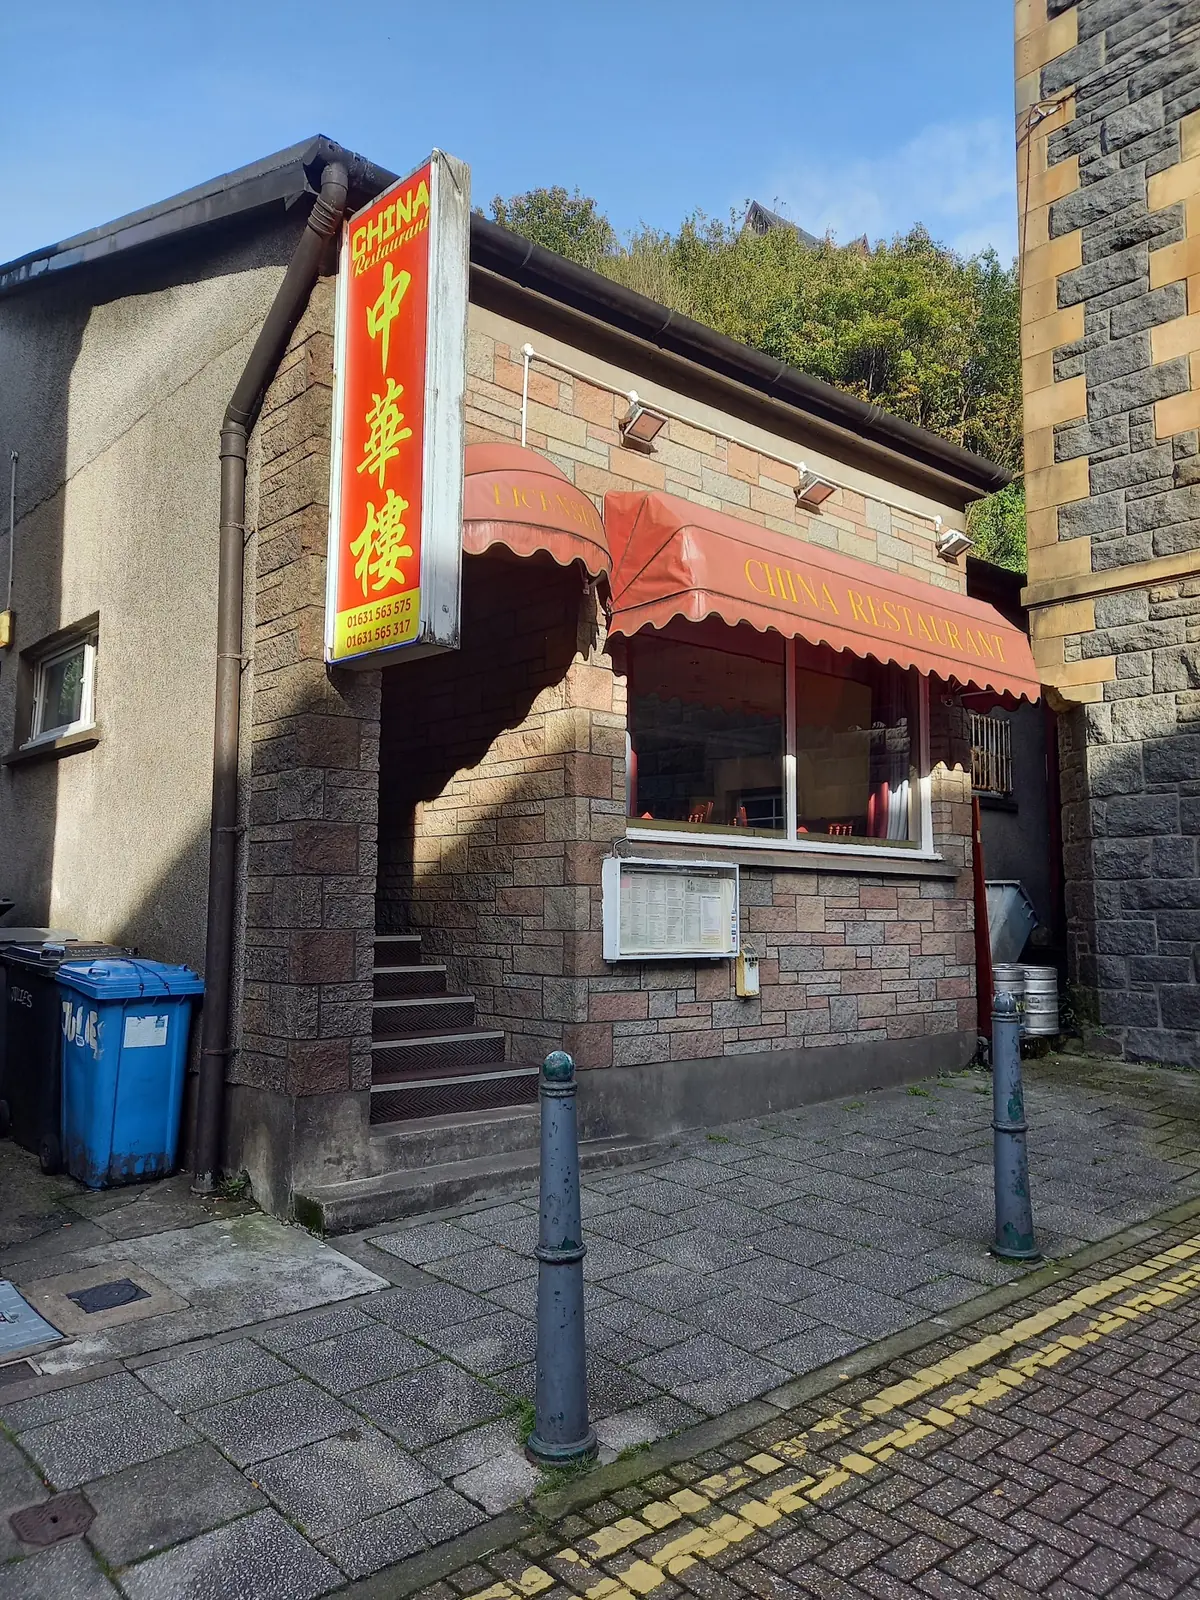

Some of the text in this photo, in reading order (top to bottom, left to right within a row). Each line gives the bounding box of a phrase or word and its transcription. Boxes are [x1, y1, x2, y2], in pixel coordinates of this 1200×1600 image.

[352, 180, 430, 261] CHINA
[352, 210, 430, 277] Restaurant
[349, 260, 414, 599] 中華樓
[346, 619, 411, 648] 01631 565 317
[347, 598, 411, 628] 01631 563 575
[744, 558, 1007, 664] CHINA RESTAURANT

• • •

• WHAT YOU HAVE TO DO: The material above must be printed exactly, with its pictures left out.

• TASK SOLUTION:
Some of the text in this photo, in reading order (top to bottom, left to right within a row). Each line gives the bounding box of a phrase or word and its transcription. Boxes are [x1, y1, x2, y2], in pixel coordinates of this 1200×1600 image.

[352, 180, 430, 261] CHINA
[352, 210, 430, 277] Restaurant
[349, 260, 414, 599] 中華樓
[346, 619, 411, 648] 01631 565 317
[347, 598, 411, 628] 01631 563 575
[744, 558, 1007, 664] CHINA RESTAURANT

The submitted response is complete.